Abdel Rahman Abdulla Al Manasra
Jordan University of Science and Technology, Jordan
Title: Prevalence and patterns of Non-alcoholic fatty liver disease among morbidly obese patients undergoing sleeve gastrectomy
Biography
Biography: Abdel Rahman Abdulla Al Manasra
Abstract
Background & Aim: Obesity related non-alcoholic fatty liver disease (NAFLD) is increasingly recognized worldwide. Multiple predictive and risk factors have been proposed for NAFLD. We aim to describe the prevalence, histologic patterns, and risk factors for this disease in morbidly obese patients undergoing sleeve gastrectomy.

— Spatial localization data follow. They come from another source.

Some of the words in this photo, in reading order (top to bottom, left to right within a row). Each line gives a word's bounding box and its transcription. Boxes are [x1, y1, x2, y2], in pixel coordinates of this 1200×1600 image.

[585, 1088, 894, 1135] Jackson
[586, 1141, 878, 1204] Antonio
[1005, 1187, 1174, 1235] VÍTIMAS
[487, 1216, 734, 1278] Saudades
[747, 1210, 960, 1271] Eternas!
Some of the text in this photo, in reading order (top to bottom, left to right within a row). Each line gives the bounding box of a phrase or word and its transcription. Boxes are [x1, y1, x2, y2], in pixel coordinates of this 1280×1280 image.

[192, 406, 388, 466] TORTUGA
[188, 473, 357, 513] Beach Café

Methods: This is a prospective study, which included a cohort of 49 obese patients undergoing sleeve gastrectomy with concomitant true cut liver biopsy. Patients were excluded when they have history of alcohol intake, liver disease, or hepatotoxic agents’ intake. Clinical, biochemical, and histological features were evaluated. Histological patterns were classified based on the NIH-sponsored NASH Clinical Research Network NAFLD Activity Score (NAS).

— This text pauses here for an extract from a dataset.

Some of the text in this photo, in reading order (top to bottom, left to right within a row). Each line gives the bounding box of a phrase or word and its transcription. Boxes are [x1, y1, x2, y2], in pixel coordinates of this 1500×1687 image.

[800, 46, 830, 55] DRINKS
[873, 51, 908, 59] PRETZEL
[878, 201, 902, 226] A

Results: Most patients were females (73%), with mean age of 34 (range 17-58). Mean BMI was 43 (35-52). 45 patients (91.8%) showed NAFLD, 19 (39%) showed non-alcoholic steatohepatitis (NASH) and 5 (10%) showed fibrosis. Only 4 biopsies (8%) were reported as normal. Significant correlation was found between low-density lipoprotein (LDL) vs. NASH (P=0.005), LDL vs. steatosis grade (P=0.023), aspartate aminotransferase (AST) vs. NAS (P=0.005), AST vs. steatosis grade (P=0.009), glucose vs. steatosis (P=0.006), sex vs. NAFLD (P=0.02), and sex vs. hepatocyte ballooning (P=0.005). There was no morbidity or mortality in this study.
Conclusion: NAFLD has a very high prevalence among morbidly obese patients. Significant correlation is evident between biochemical markers and histological components of liver assessment. Intraoperative liver biopsy is safe in morbidly obese patients undergoing sleeve gastrectomy for the diagnosis of NAFLD.